[TASK ITEM]: Give the entries again exactly; drop the pictures.

== SUPPLIED ENTRIES ==

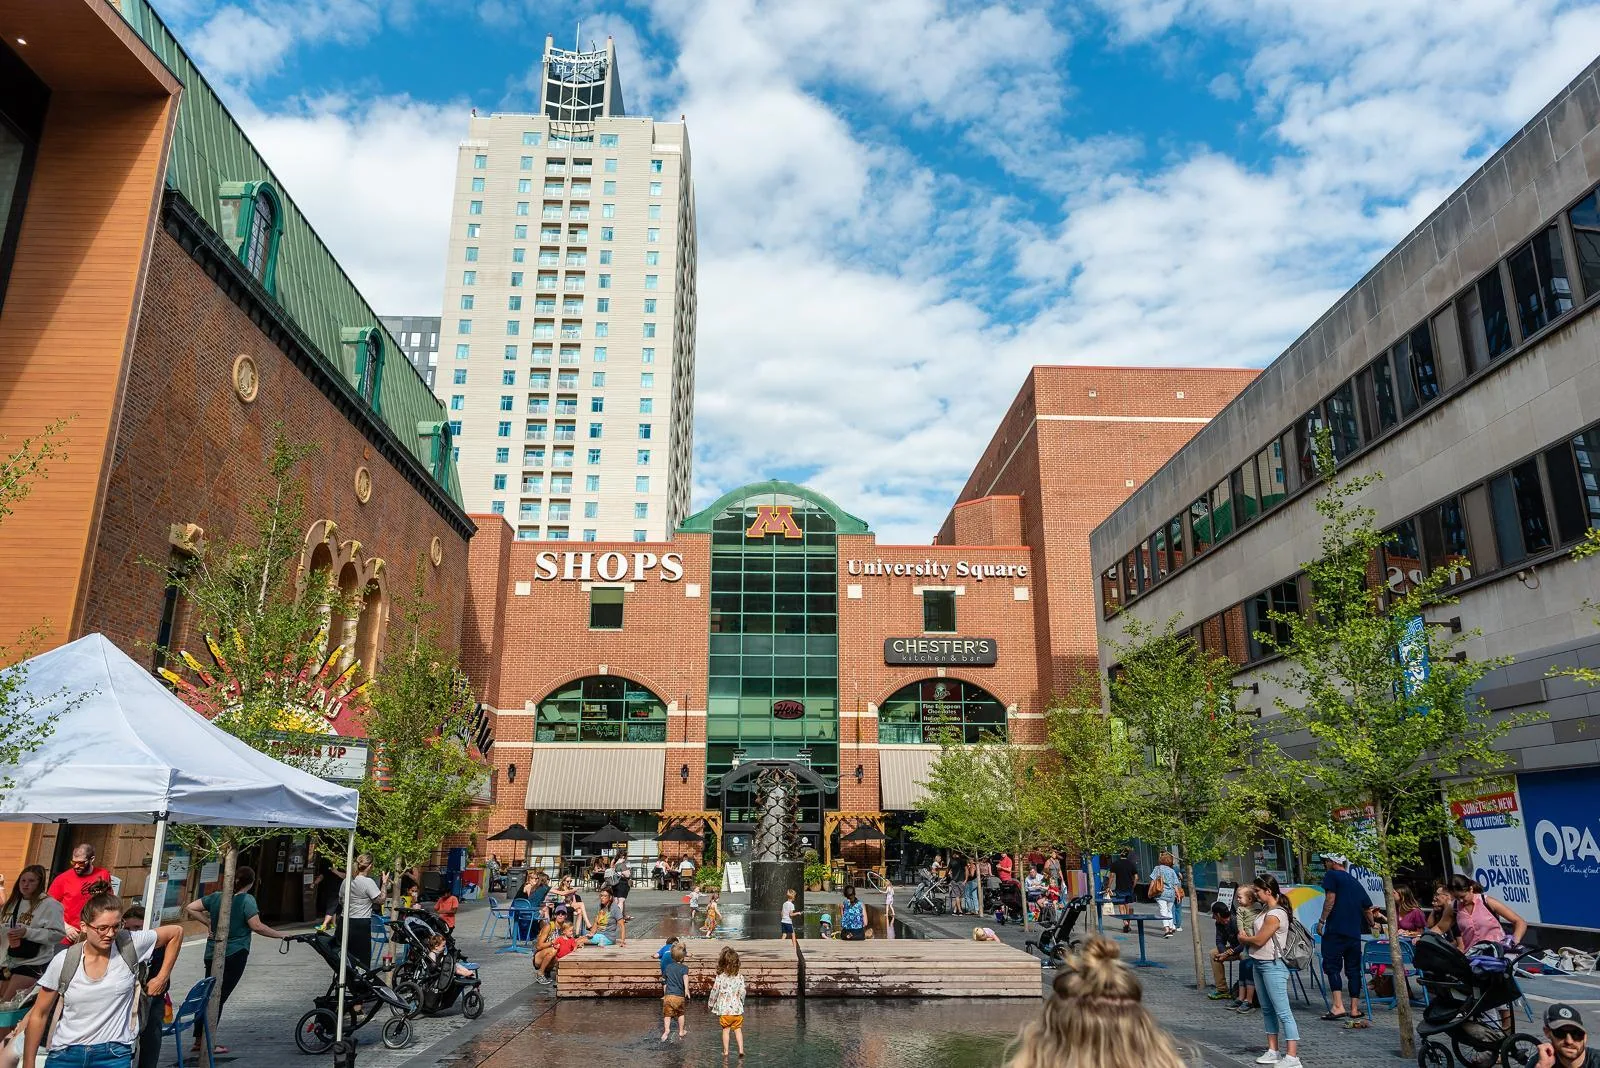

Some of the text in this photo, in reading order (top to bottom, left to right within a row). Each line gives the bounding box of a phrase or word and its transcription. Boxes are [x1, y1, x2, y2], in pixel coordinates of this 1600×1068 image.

[746, 505, 803, 539] M
[534, 551, 684, 582] SHOPS
[847, 558, 1028, 581] University Square
[893, 640, 989, 654] CHESTER'S
[902, 654, 981, 662] kitchen & bar
[328, 745, 347, 759] UP
[1498, 797, 1513, 811] NEW
[1472, 817, 1483, 828] OUR
[1488, 854, 1519, 867] WE'LL BE
[1475, 868, 1530, 892] OPANING
[1502, 887, 1531, 903] SOON!

===

[RESULT FOR THIS TASK]:
Some of the text in this photo, in reading order (top to bottom, left to right within a row). Each line gives the bounding box of a phrase or word and its transcription. Boxes are [x1, y1, x2, y2], in pixel coordinates of this 1600×1068 image.

[746, 505, 803, 539] M
[534, 551, 684, 582] SHOPS
[847, 558, 1028, 581] University Square
[893, 640, 989, 654] CHESTER'S
[902, 654, 981, 662] kitchen & bar
[328, 745, 347, 759] UP
[1498, 797, 1513, 811] NEW
[1472, 817, 1483, 828] OUR
[1488, 854, 1519, 867] WE'LL BE
[1475, 868, 1530, 892] OPANING
[1502, 887, 1531, 903] SOON!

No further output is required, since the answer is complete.